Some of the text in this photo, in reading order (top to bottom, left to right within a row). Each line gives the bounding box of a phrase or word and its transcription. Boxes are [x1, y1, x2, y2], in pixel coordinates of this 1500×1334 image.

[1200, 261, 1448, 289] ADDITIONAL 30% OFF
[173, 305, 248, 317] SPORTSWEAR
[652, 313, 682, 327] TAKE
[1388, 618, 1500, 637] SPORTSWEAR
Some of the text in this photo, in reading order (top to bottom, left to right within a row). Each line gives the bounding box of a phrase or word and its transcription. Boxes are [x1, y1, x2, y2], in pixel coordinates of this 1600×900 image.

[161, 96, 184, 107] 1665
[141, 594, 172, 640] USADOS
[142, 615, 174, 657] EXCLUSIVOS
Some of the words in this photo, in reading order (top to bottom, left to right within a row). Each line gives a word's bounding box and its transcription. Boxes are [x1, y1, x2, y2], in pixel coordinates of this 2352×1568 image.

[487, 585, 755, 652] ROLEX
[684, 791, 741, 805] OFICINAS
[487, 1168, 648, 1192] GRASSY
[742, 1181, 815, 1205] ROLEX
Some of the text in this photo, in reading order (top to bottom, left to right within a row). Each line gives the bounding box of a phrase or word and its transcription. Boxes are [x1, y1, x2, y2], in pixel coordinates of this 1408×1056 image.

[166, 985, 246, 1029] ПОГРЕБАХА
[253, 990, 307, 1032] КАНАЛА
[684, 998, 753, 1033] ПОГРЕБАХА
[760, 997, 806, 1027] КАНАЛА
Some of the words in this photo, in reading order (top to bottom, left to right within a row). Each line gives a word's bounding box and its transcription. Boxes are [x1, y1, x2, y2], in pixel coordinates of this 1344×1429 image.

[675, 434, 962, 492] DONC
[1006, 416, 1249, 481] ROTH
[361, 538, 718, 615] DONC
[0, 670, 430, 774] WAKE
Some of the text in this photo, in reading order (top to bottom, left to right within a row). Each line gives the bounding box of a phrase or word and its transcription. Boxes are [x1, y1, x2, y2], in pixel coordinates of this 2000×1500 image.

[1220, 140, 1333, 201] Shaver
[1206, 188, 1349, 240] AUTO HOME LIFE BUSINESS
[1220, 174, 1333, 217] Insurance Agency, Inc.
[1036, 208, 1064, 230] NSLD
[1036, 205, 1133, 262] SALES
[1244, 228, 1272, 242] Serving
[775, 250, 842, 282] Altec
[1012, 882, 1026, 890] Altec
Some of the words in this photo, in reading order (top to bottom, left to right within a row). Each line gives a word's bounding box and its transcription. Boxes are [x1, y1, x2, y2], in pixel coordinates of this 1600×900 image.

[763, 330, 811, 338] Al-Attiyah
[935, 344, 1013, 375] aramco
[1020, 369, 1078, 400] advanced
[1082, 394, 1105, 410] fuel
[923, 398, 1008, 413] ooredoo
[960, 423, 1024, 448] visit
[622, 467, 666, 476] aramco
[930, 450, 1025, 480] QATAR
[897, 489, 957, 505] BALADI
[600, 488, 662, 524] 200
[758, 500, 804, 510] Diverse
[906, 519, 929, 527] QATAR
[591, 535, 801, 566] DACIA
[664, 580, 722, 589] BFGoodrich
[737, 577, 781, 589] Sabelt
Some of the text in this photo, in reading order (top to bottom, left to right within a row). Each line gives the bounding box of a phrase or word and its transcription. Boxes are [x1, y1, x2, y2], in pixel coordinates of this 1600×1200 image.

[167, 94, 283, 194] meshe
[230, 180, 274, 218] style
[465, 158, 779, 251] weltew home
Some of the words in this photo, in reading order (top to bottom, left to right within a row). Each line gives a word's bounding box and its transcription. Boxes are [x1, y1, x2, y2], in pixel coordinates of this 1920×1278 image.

» **EXERCISE PROMPT**
Each entry must be set down exactly as it appears.

» **RESULT OF THE TASK**
Some of the text in this photo, in reading order (top to bottom, left to right within a row). Each line gives the bounding box of a phrase or word and its transcription. Boxes are [x1, y1, x2, y2], in pixel coordinates of this 1500×1334 image.

[1200, 261, 1448, 289] ADDITIONAL 30% OFF
[173, 305, 248, 317] SPORTSWEAR
[652, 313, 682, 327] TAKE
[1388, 618, 1500, 637] SPORTSWEAR
Some of the text in this photo, in reading order (top to bottom, left to right within a row). Each line gives the bounding box of a phrase or word and its transcription. Boxes are [x1, y1, x2, y2], in pixel coordinates of this 1600×900 image.

[161, 96, 184, 107] 1665
[141, 594, 172, 640] USADOS
[142, 615, 174, 657] EXCLUSIVOS
Some of the words in this photo, in reading order (top to bottom, left to right within a row). Each line gives a word's bounding box and its transcription. Boxes are [x1, y1, x2, y2], in pixel coordinates of this 2352×1568 image.

[487, 585, 755, 652] ROLEX
[684, 791, 741, 805] OFICINAS
[487, 1168, 648, 1192] GRASSY
[742, 1181, 815, 1205] ROLEX
Some of the text in this photo, in reading order (top to bottom, left to right within a row). Each line gives the bounding box of a phrase or word and its transcription. Boxes are [x1, y1, x2, y2], in pixel coordinates of this 1408×1056 image.

[166, 985, 246, 1029] ПОГРЕБАХА
[253, 990, 307, 1032] КАНАЛА
[684, 998, 753, 1033] ПОГРЕБАХА
[760, 997, 806, 1027] КАНАЛА
Some of the words in this photo, in reading order (top to bottom, left to right within a row). Each line gives a word's bounding box and its transcription. Boxes are [x1, y1, x2, y2], in pixel coordinates of this 1344×1429 image.

[675, 434, 962, 492] DONC
[1006, 416, 1249, 481] ROTH
[361, 538, 718, 615] DONC
[0, 670, 430, 774] WAKE
Some of the text in this photo, in reading order (top to bottom, left to right within a row). Each line gives the bounding box of a phrase or word and its transcription. Boxes are [x1, y1, x2, y2], in pixel coordinates of this 2000×1500 image.

[1220, 140, 1333, 201] Shaver
[1206, 188, 1349, 240] AUTO HOME LIFE BUSINESS
[1220, 174, 1333, 217] Insurance Agency, Inc.
[1036, 208, 1064, 230] NSLD
[1036, 205, 1133, 262] SALES
[1244, 228, 1272, 242] Serving
[775, 250, 842, 282] Altec
[1012, 882, 1026, 890] Altec
Some of the words in this photo, in reading order (top to bottom, left to right within a row). Each line gives a word's bounding box and its transcription. Boxes are [x1, y1, x2, y2], in pixel coordinates of this 1600×900 image.

[763, 330, 811, 338] Al-Attiyah
[935, 344, 1013, 375] aramco
[1020, 369, 1078, 400] advanced
[1082, 394, 1105, 410] fuel
[923, 398, 1008, 413] ooredoo
[960, 423, 1024, 448] visit
[622, 467, 666, 476] aramco
[930, 450, 1025, 480] QATAR
[897, 489, 957, 505] BALADI
[600, 488, 662, 524] 200
[758, 500, 804, 510] Diverse
[906, 519, 929, 527] QATAR
[591, 535, 801, 566] DACIA
[664, 580, 722, 589] BFGoodrich
[737, 577, 781, 589] Sabelt
Some of the text in this photo, in reading order (top to bottom, left to right within a row). Each line gives the bounding box of a phrase or word and its transcription. Boxes are [x1, y1, x2, y2], in pixel coordinates of this 1600×1200 image.

[167, 94, 283, 194] meshe
[230, 180, 274, 218] style
[465, 158, 779, 251] weltew home
Some of the words in this photo, in reading order (top to bottom, left to right within a row). Each line gives a word's bounding box and its transcription. Boxes are [x1, y1, x2, y2], in pixel coordinates of this 1920×1278 image.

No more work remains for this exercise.